Mnasnet learning notes

2022-07-01 02:34:00 【Fried dough twist】

MnasNet Learning notes

Original address ：MnasNet: Platform-Aware Neural Architecture Search for Mobile

brief introduction

Lightweight network optimization

Pass hard index T Control the penalty and incentive of the whole objective function

$\alpha $ = 0 ,$\beta $ = -1 when , The punishment is even worse , Therefore, most models focus on hard indicators

$\alpha $ = -0.07 ,$\beta $ = -0.07 when , The overall distribution is more even , More

Ensure the structural diversity of different layers

Overall process

The resulting structure

Text

Abstract

Design convolutional neural networks for mobile devices （CNN） Challenging , Because mobile models need to be small and fast , But it's still accurate . Although in the design and improvement of mobile CNN Great efforts have been made in all aspects of , But when so many architectural possibilities need to be considered , It is difficult to balance these tradeoffs manually . In this paper , We propose an automatic mobile neural architecture search （MNAS） Method , This method explicitly incorporates the model delay into the main objective , So that the search can identify a model that achieves a good trade-off between accuracy and latency . Different from previous work , Our method passes through another agent that is usually inaccurate （ for example FLOPS） To consider delays , Our method directly measures real-world reasoning delay by executing models on mobile phones . To further strike the right balance between flexibility and the size of search space , We propose a new factorization hierarchical search space , To encourage layer diversity across the network . Experimental results show that , In multiple visual tasks , Our approach is always superior to the most advanced mobile CNN Model . stay ImageNet In the classification task , our MnasNet The delay on pixel phones is 1.8 millisecond , achieve 75.2% Of top-1 precision ⇥ Than MobileNetV2[29] faster , The accuracy is higher than 0.5% and 2.3%⇥ Than NASNet faster , High accuracy 1.2%. our MnasNet stay COCO Target detection is also better than MobileNet Better map quality . Code is located https://github.com/tensorflow/tpu/ Trees / Lord / Model / official /mnasnet.

1. Introduction

Convolutional neural networks （CNN） In image classification 、 Significant progress has been made in target detection and many other applications . With modern times CNN The model gets deeper and deeper 、 More and more big [31、13、36、26], They are also getting slower and slower , More calculations are needed . The increasing demand for computing makes it possible to deploy the most advanced CNN Models become difficult, such as mobile or embedded devices .

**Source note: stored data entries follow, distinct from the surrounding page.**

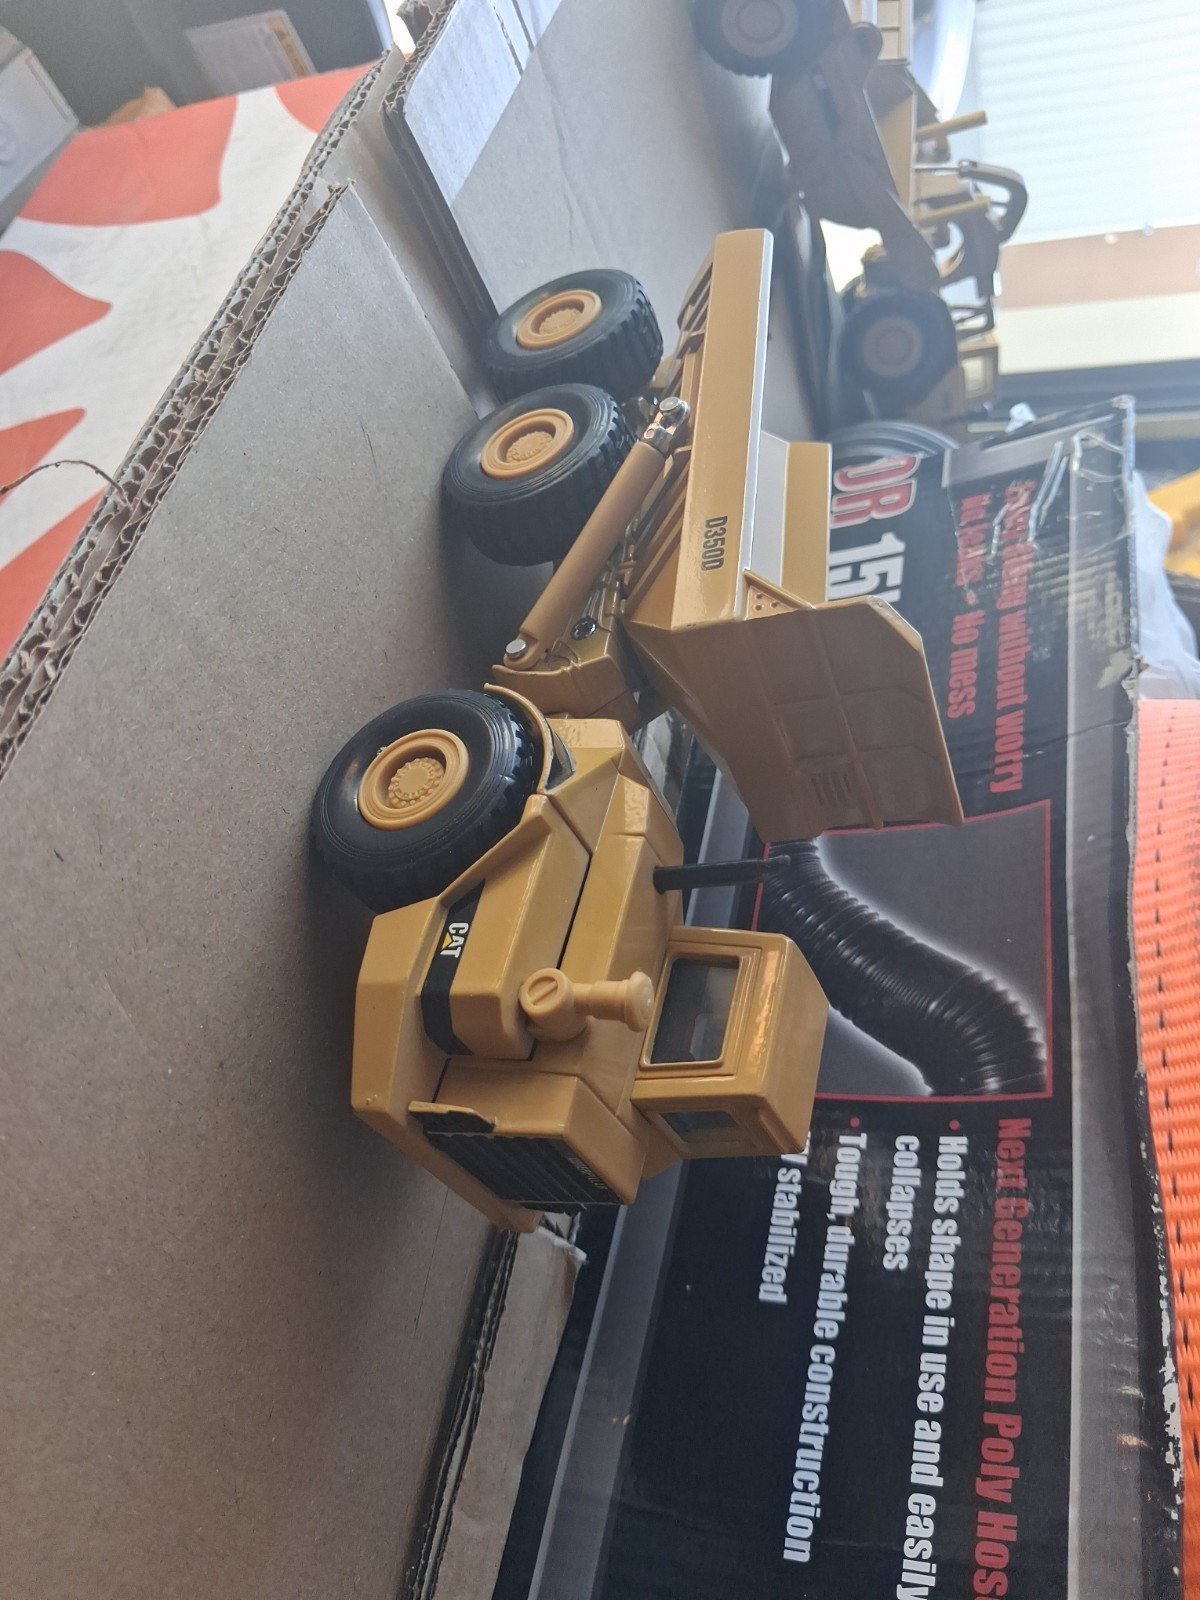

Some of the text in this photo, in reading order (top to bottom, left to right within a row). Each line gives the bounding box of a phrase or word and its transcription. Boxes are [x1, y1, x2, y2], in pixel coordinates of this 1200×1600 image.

[701, 515, 728, 571] D350D
[947, 492, 992, 719] No leaks No mess
[996, 609, 1032, 711] without
[989, 709, 1025, 793] worry
[440, 922, 469, 958] CAT
[758, 1167, 802, 1305] stabilized
[882, 1135, 922, 1270] collapses
[783, 1132, 868, 1563] Tough, durable construction
[896, 1136, 969, 1600] Holds shape in use and easily
[972, 1118, 1033, 1600] Next Generation Poly Hos

Considering the limited computing resources available on mobile devices , Many recent studies have focused on reducing network depth and using lower cost operations （ Like deep convolution [11] Sum group convolution [33]） To design and improve mobile CNN Model . However , Designing a resource constrained mobile model is a challenge ： You must be careful Balance accuracy and resource efficiency , Thus creating a huge design space .

In this paper , We propose a method for designing mobile CNN Automatic neural structure search method of the model . chart 1 Shows an overview of our approach , The main difference from the previous methods is delayed perception of multi-objective reward and novel search space . Our approach is based on two main ideas . First , We describe the design problem as a multi-objective optimization problem , The problem considers CNN Model accuracy and reasoning delay . With previous work [36、26、21] Triggers are used in to approximate infer different delays , We directly measure real-world latency by executing models on real mobile devices . Our ideas are inspired by the following observations ：FLOPS Usually an inaccurate proxy ： for example ,MobileNet[11] and NASNet[36] There is something similar FLOPS（575M vs.564M）, But their delays are significantly different （113ms vs.183ms, See table for details 1）. secondly , We observed that , Previous automation methods mainly searched for several types of units , The same cells are then stacked repeatedly over the network . This simplifies the search process , But it also excludes layer diversity, which is important for computational efficiency . To solve this problem , We propose a new factorization hierarchical search space , It allows layers to be architecturally different , But there is still a proper balance between flexibility and the size of search space .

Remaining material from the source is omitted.